Another collier was planned for a conversion; however, it became clear that the larger, faster ships would be more useful. But Langley showed it could be done. Rather than convert more colliers to carriers, bigger and faster carriers would be required.
So, just as Langley, with her modest flight deck, was entering service, two huge carriers were coming into existence. Because the Washington Naval Treaty of 1922 prohibited new battleship and battlecruiser construction, the Navy took advantage of a pair of battle cruisers that could be repurposed. USS Lexington (CC 1) and USS Saratoga (CC 2) were completed as aircraft carriers CV 2 and CV 3. At 888 feet long and topping out at 48,000 tons, they were substantially larger than Langley (the United States wouldn’t build bigger CVs until the Midway class entered service at the end of World War II). And because they were designed as battle force ships, they had the hull form and propulsion plant to set the pace for any battle group. Lexington and Saratoga were real combatants. They were followed by two unique carriers, Ranger and Wasp, then the Yorktown class, and soon after, the Essex class and several other classes of light and escort carriers [see “Aircraft Carrier Evolution” article].

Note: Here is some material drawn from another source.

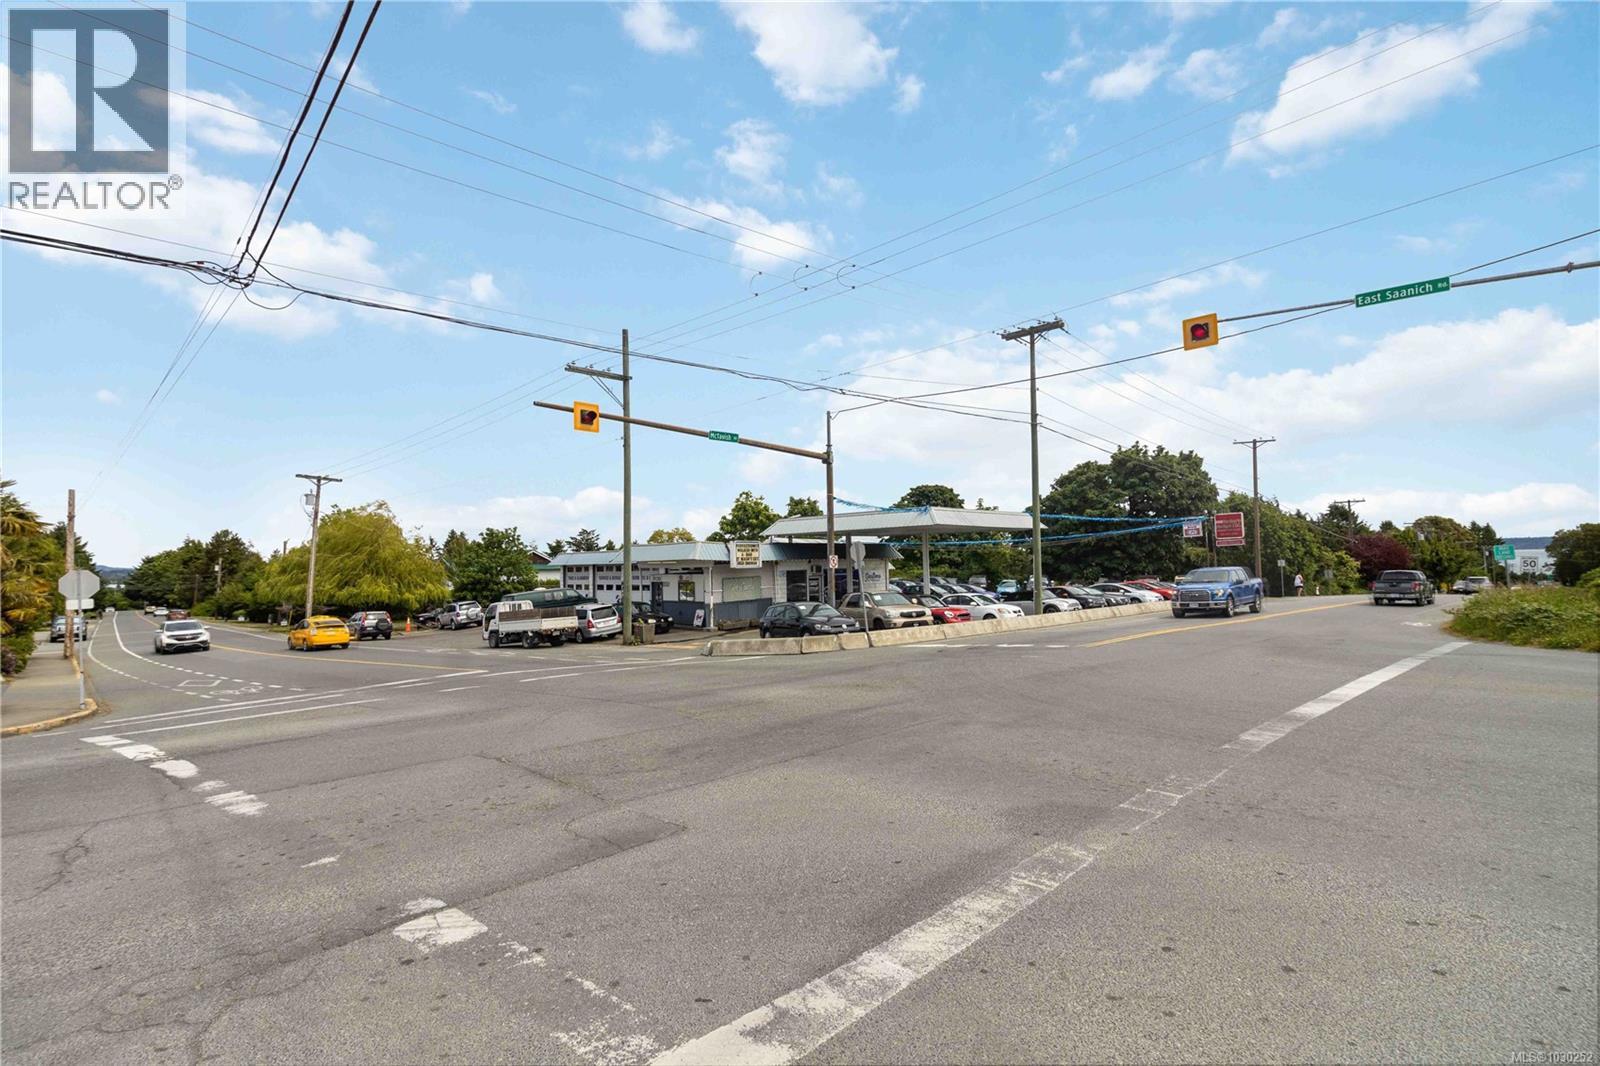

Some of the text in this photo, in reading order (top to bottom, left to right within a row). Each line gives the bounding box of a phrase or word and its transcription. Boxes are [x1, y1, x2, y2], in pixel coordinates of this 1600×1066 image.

[1358, 293, 1381, 306] East
[1385, 283, 1433, 300] Saanich
[1523, 560, 1537, 568] 50

In 1934, new U.S. legislation included Langley in aircraft carrier tonnage, and the Navy needed to divest itself of the ship, at least in her CV role. In 1937, with new and more capable carriers on the way, Langley was converted to serve as a seaplane tender (AV 3), with a significant portion of her forward flight deck removed.
As a seaplane tender, she also had the room to ferry aircraft. At the outbreak of World War II, she was in the Far East, and in February 1942 was being used to deliver Army P-40 aircraft to the beleaguered Dutch forces in Indonesia when she was attacked and severely damaged by a Japanese aircraft. Her crew was removed to her escort ships and Langley was scuttled. Unfortunately, some of the ships involved in getting the Langley crew to safety were also attacked and lost.
But despite her tragic demise, and the fact that she didn’t serve as an aircraft carrier in World War II, she did make invaluable contributions to carrier aviation that helped to win the war, much of which survive today in training, tactics, and procedures. Langley provided naval aviators with valuable experience taking off from a pitching flight deck; utilized early catapults; was the forerunner in using arresting gear; developed the concept of the landing signal officer; and tested and developed carrier operations and tactics. Langley conducted flight operations in adverse conditions, including blind landings and night landings, and in all different environmental conditions, including cold weather operations. It was Langley that signaled a clear deck for generations to come.